Novo Nordisk made a big splash in the first half of 2021, thanks to diabetes superstars Ozempic and Rybelsus, as well as its new obesity treatment Wegovy. Despite the success of its GLP-1 trademark, the company isn’t neglecting its traditional diabetic products. While much of Novo Nordisk diabetes business has recently focused on its GLP-1 medications Ozempic and Rybelsus, the company is also working to keep its insulins relevant.

According to Lars Fruergaard Jrgensen, CEO and president of Novo Nordisk, the company’s phase 3 basal insulin analogue icodec might bring a “revolution” to the industry by offering patients a once-weekly choice. While insulin isn’t a new market for pharmaceutical companies, it is becoming increasingly competitive. Last week, Biocon and Viatris received FDA approval for Semglee, the first interchangeable biosimilar insulin that is based on Sanofi’s blockbuster diabetes medication Lantus.

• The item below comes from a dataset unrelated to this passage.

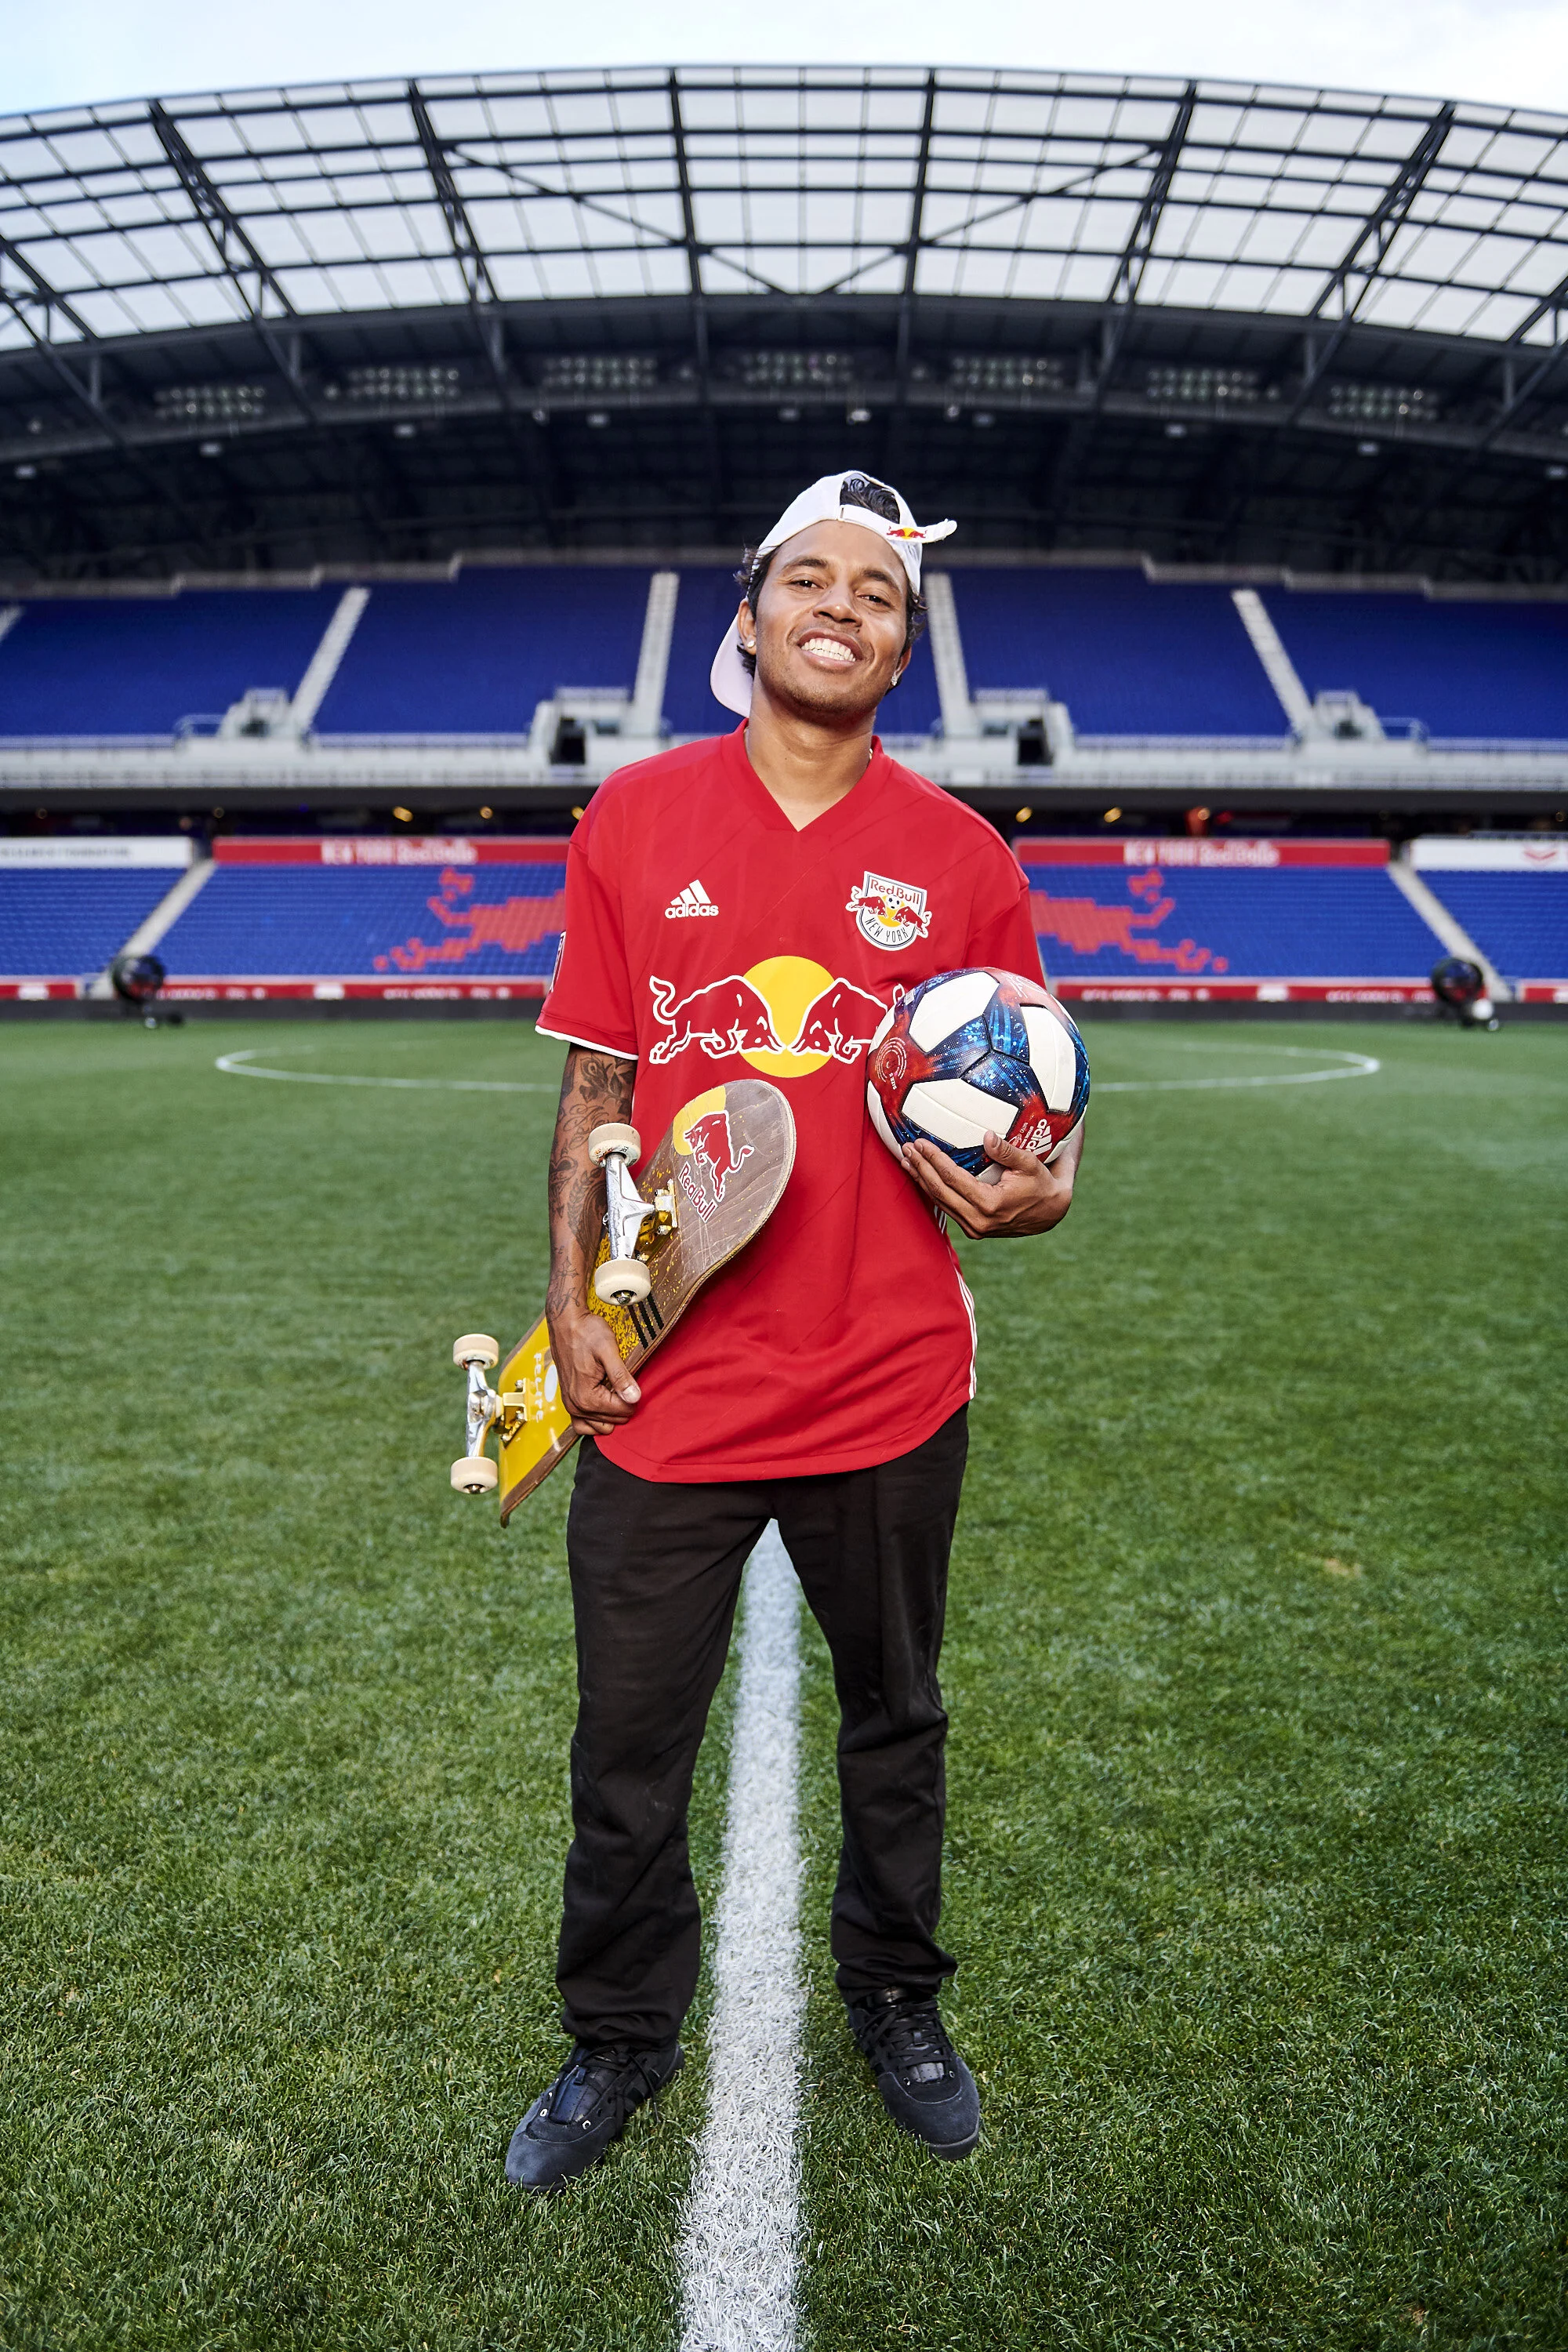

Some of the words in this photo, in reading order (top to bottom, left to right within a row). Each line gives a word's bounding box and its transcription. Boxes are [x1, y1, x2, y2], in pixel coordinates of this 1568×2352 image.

Pharmacists can use the interchangeability tag to swap the biosimilar for Sanofi’s branded insulin without a prescription. Some industry observers have praised the clearance as a game-changer in the quest to make insulin more inexpensive, but it remains to be seen how large of a difference Semglee creates.

Fast-acting insulin products have been substituted by buyers for “years,” according to Jrgensen. The main question, according to the CEO, is whether Semglee’s FDA-approved interchangeability designation will save patients money. Apart from its weekly insulin push, Novo is aiming to receive the first data on its glucose-sensitive insulin later this year. Insulins drop patients’ glucose levels naturally, which is possibly harmful, according to Jrgensen. A glucose-sensitive insulin will help people living with diabetes significantly, and it will make insulin use much easier.